◆ WHAT YOU ARE ASKED TO DO ◆
With the pictures excluded, retype the records that follow exactly.

◆ MATERIAL PROVIDED ◆
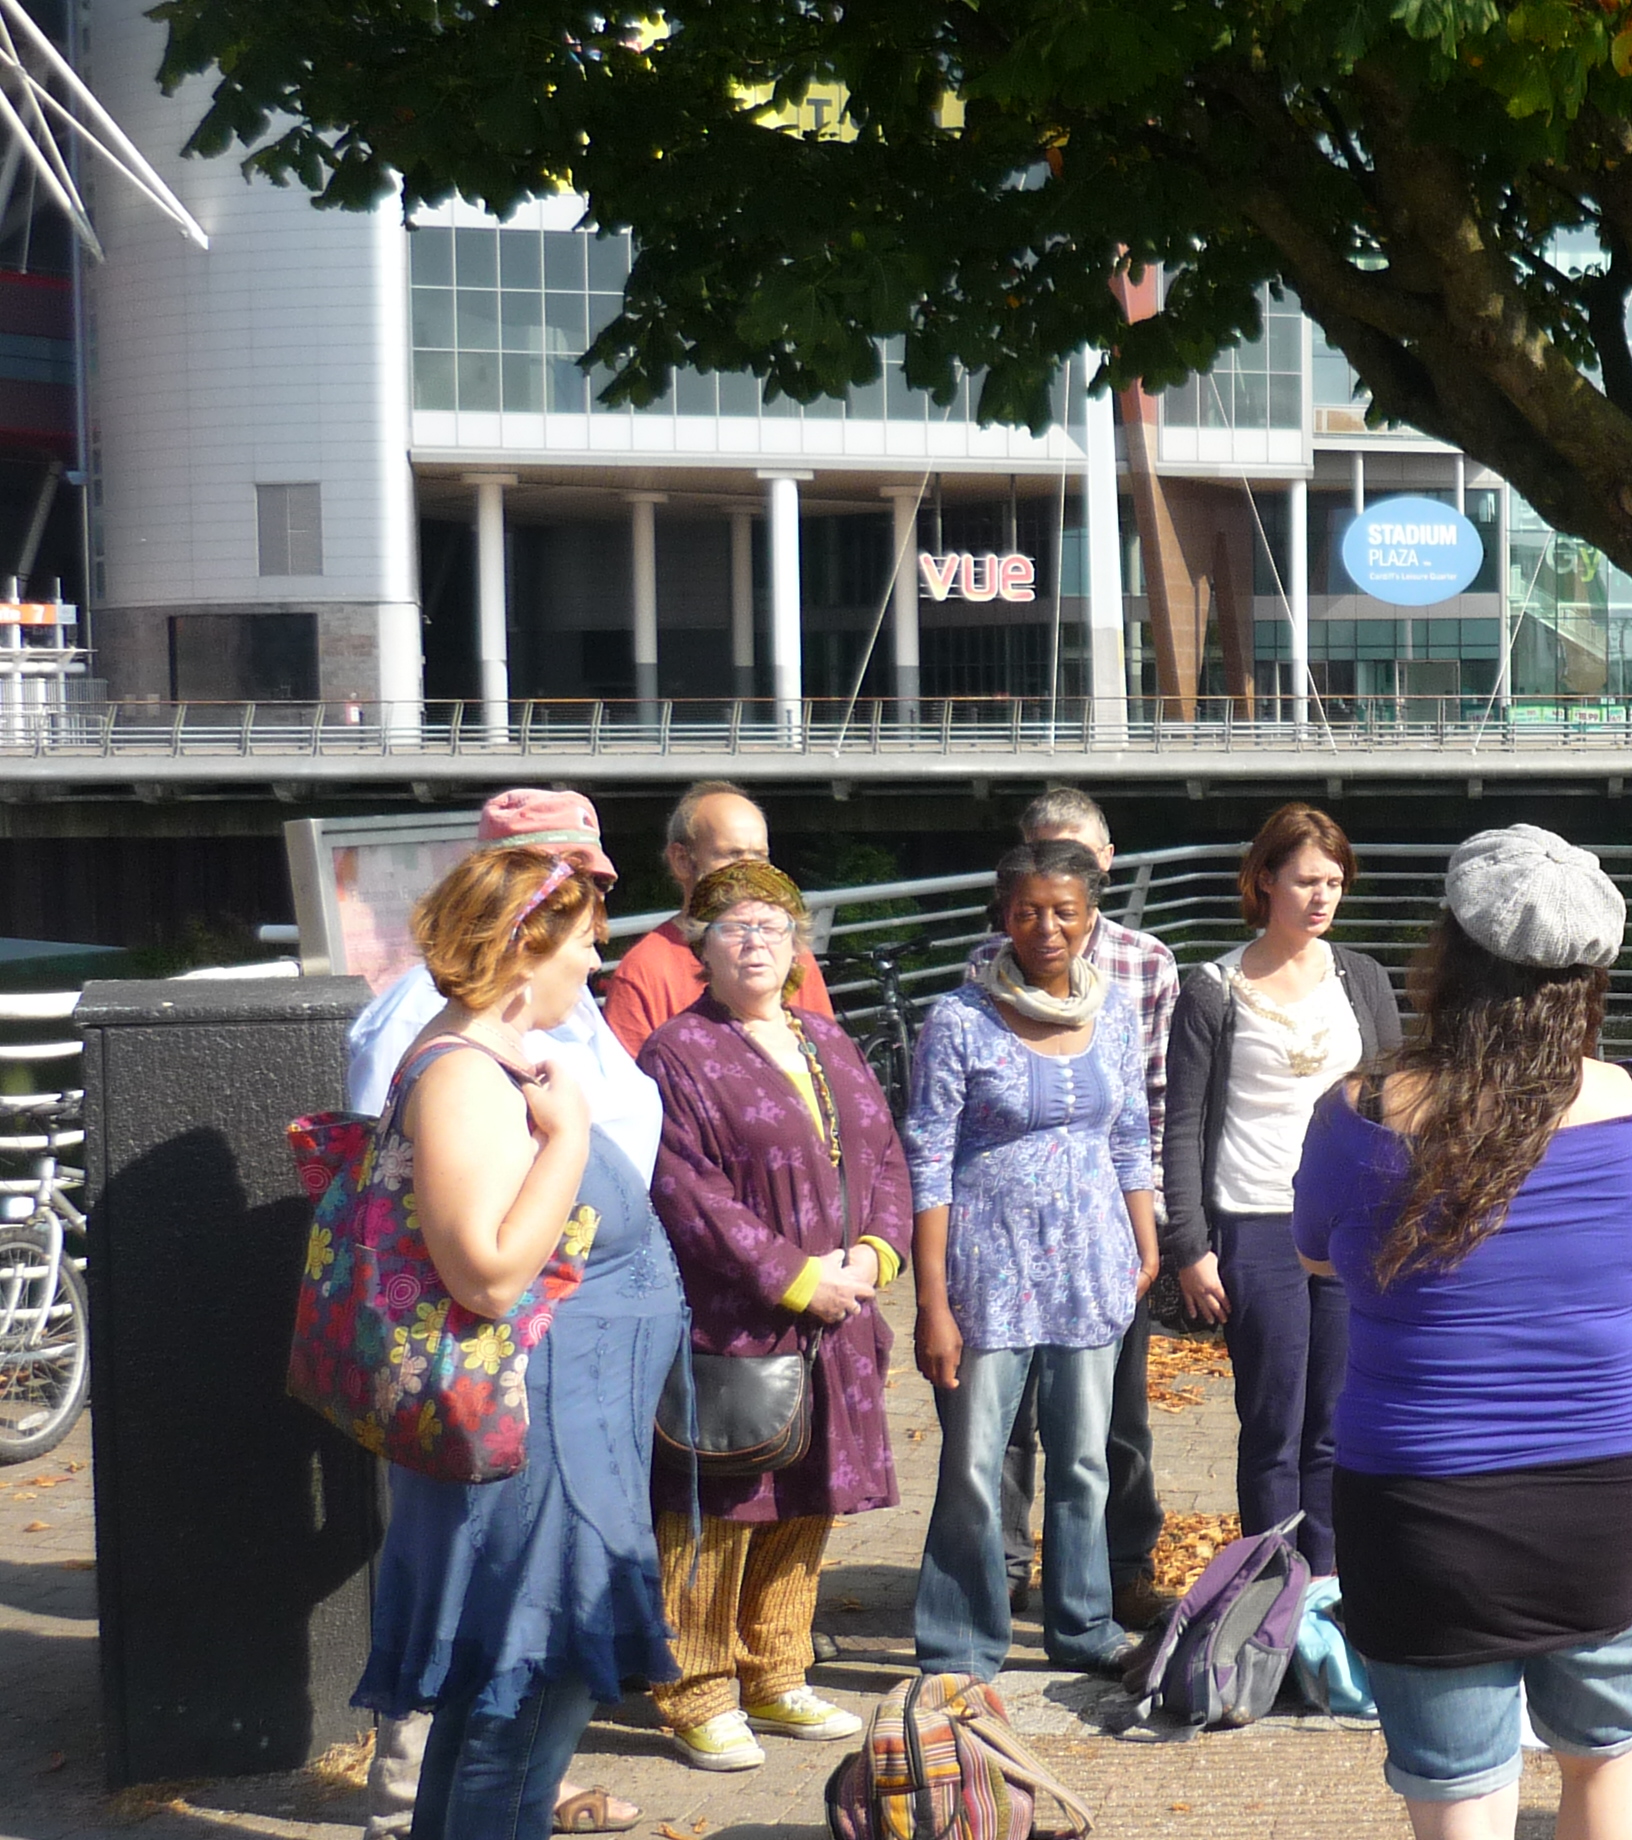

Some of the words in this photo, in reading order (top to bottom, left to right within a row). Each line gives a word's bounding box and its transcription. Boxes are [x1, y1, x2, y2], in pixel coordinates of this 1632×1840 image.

[1368, 524, 1457, 546] STADIUM
[1369, 548, 1419, 567] PLAZA
[1545, 538, 1601, 582] Gy
[1369, 572, 1399, 581] Cardiff's
[1401, 572, 1428, 581] Leisure
[1429, 572, 1457, 581] Quarter
[32, 604, 45, 623] 7
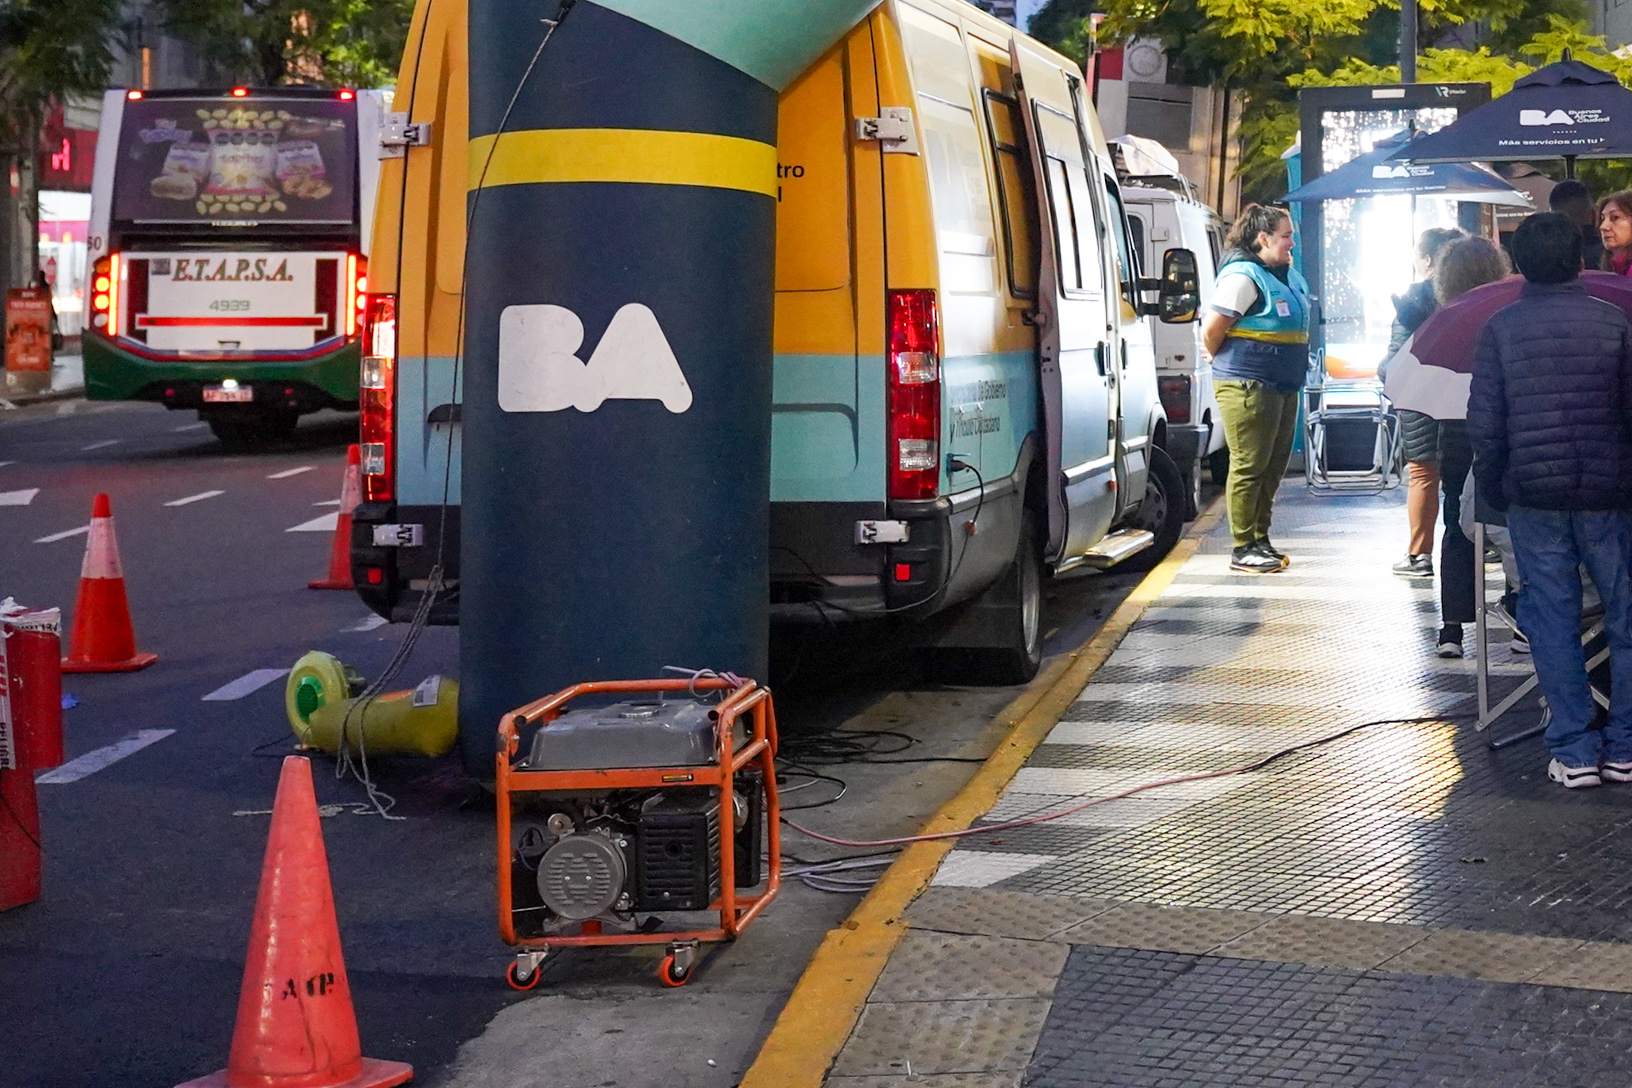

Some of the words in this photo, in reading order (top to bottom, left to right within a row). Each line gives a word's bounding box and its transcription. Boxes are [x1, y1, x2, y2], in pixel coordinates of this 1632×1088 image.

[1520, 109, 1575, 126] BA
[1372, 165, 1411, 179] BA
[172, 258, 294, 281] E.T.A.P.S.A.
[497, 301, 694, 414] BA
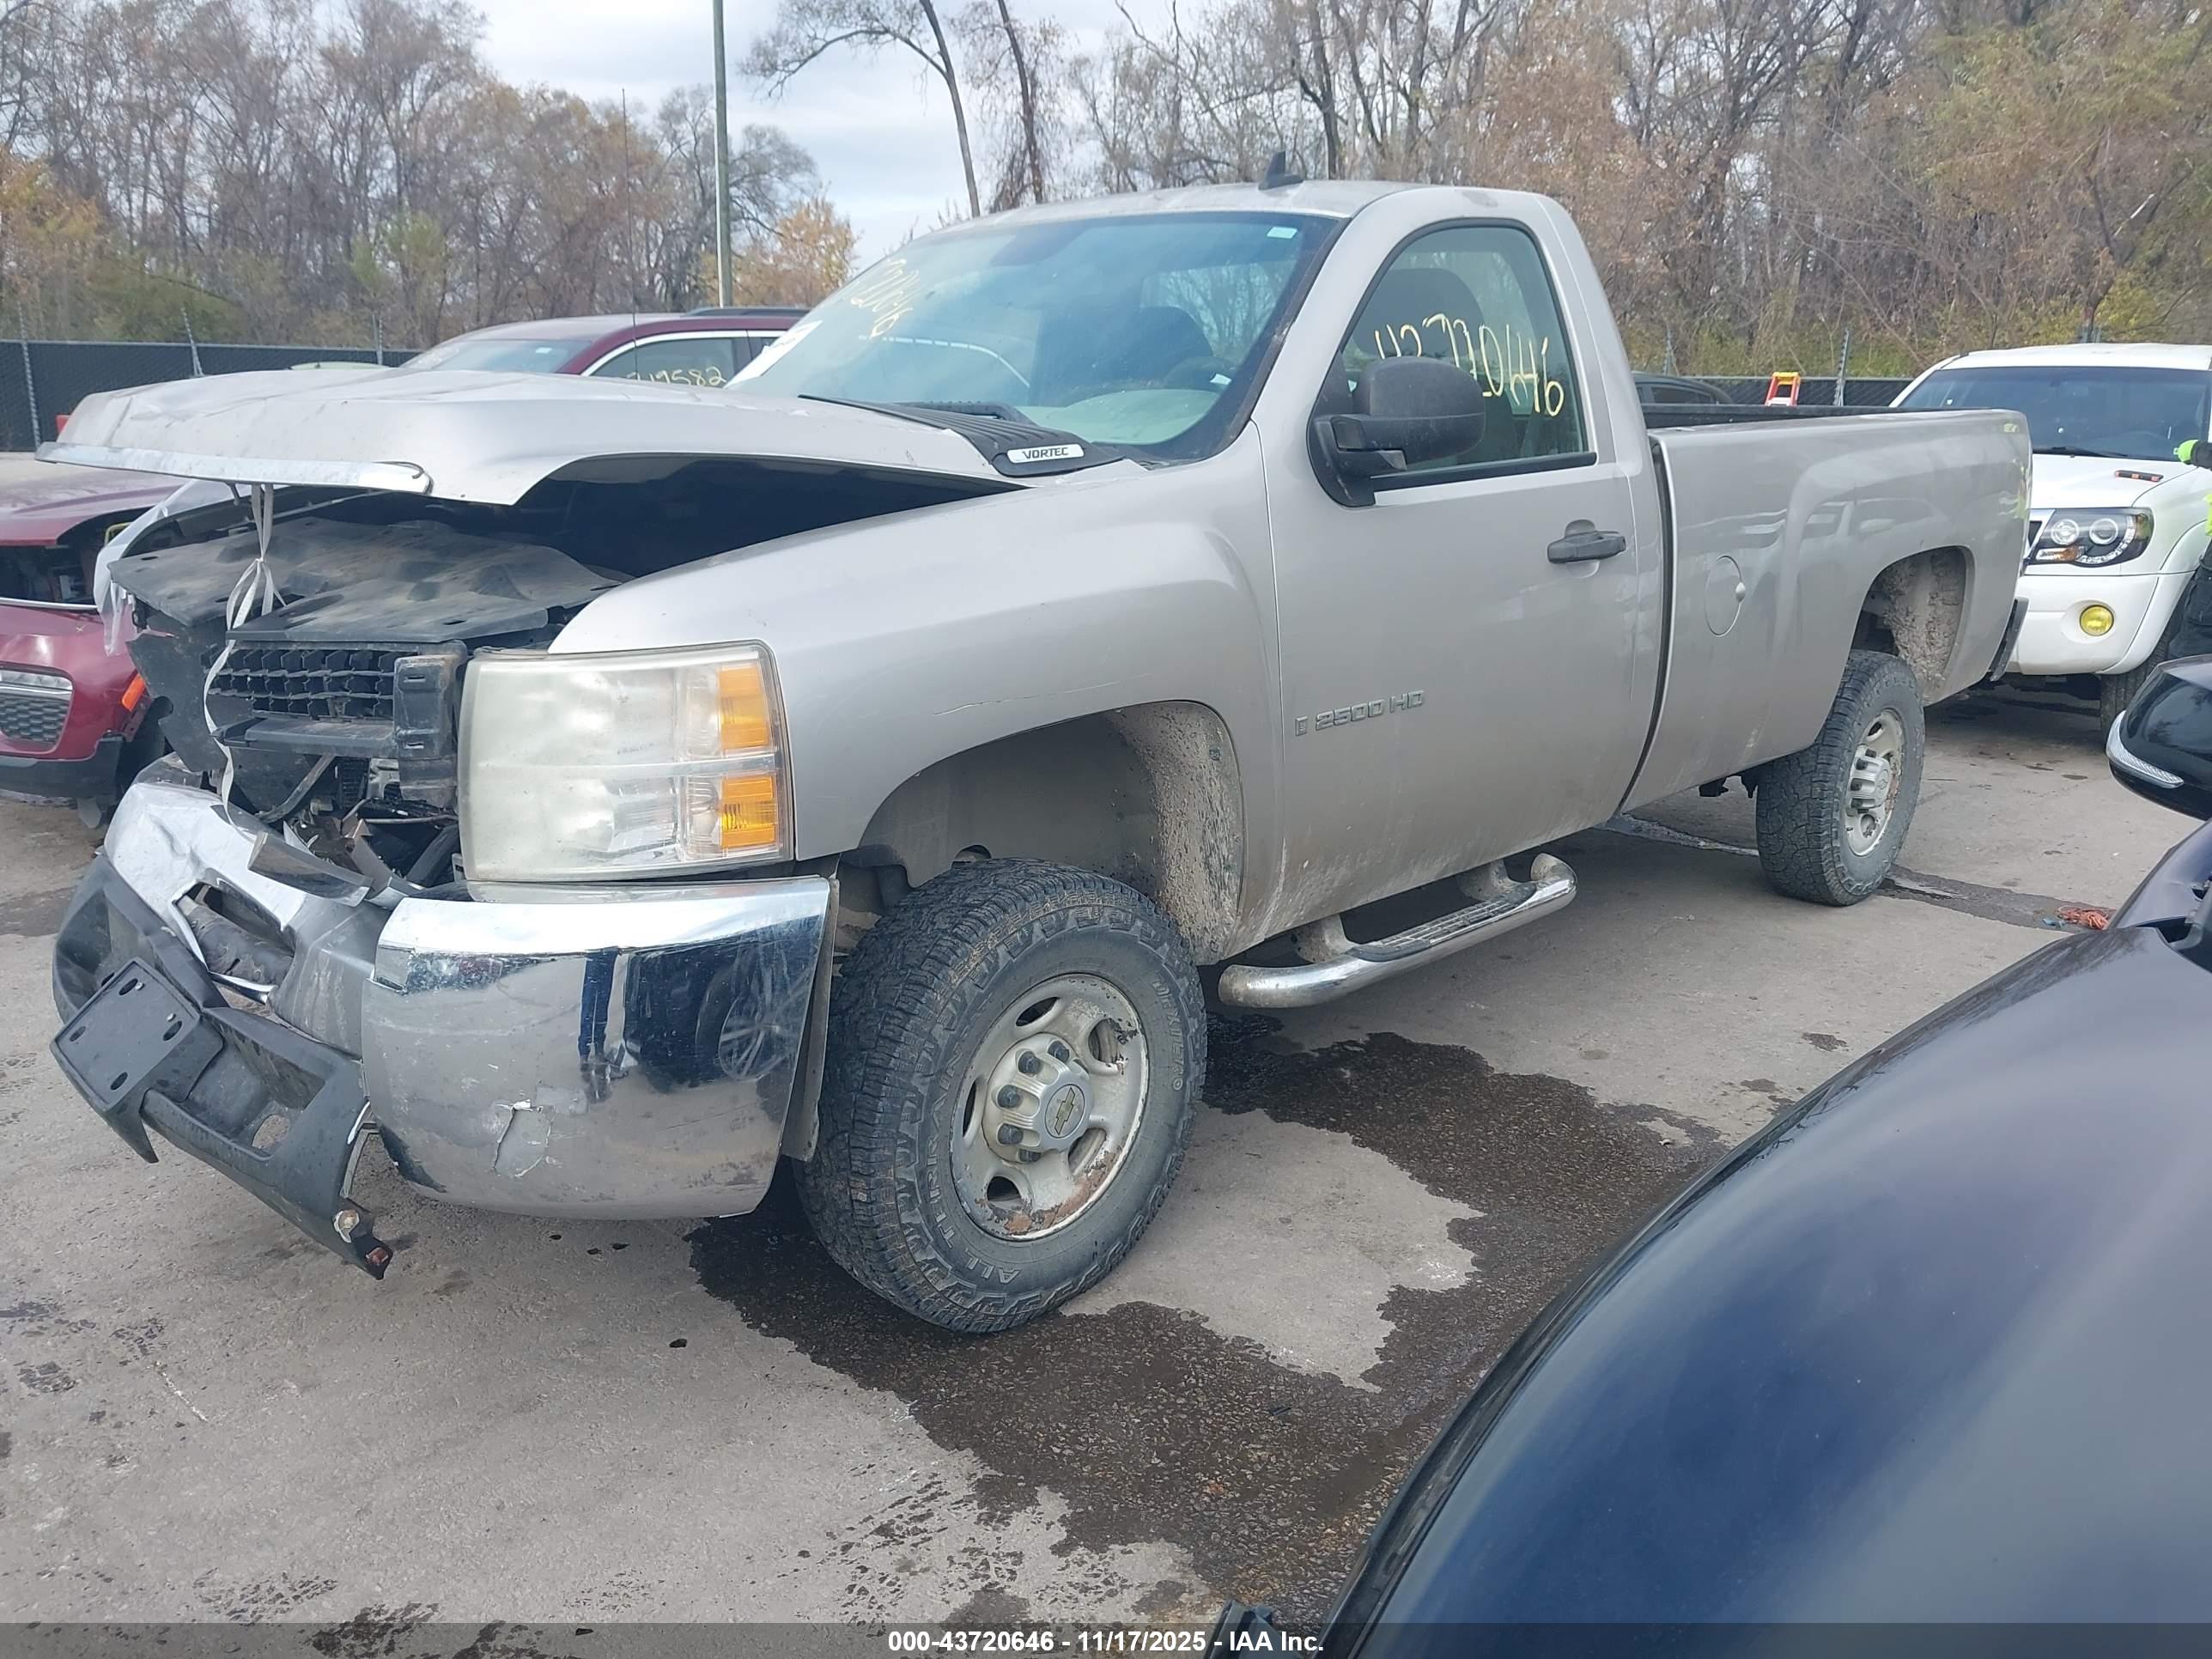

◆ SOLVED PROBLEM ◆
Some of the words in this photo, in reading order (top to bottom, left to right within a row). Each line gives a word's bounding box and its transcription. Boxes are [x1, y1, x2, y2], in pixel coordinates of this 1632×1840 image.

[1368, 524, 1457, 546] STADIUM
[1369, 548, 1419, 567] PLAZA
[1545, 538, 1601, 582] Gy
[1369, 572, 1399, 581] Cardiff's
[1401, 572, 1428, 581] Leisure
[1429, 572, 1457, 581] Quarter
[32, 604, 45, 623] 7

Some of the words in this photo, in reading order (top to bottom, left to right within a row). Each line gives a word's bounding box and its transcription. Boxes are [x1, y1, x2, y2], in pixel coordinates of this 1632×1088 image.

[1520, 109, 1575, 126] BA
[1372, 165, 1411, 179] BA
[172, 258, 294, 281] E.T.A.P.S.A.
[497, 301, 694, 414] BA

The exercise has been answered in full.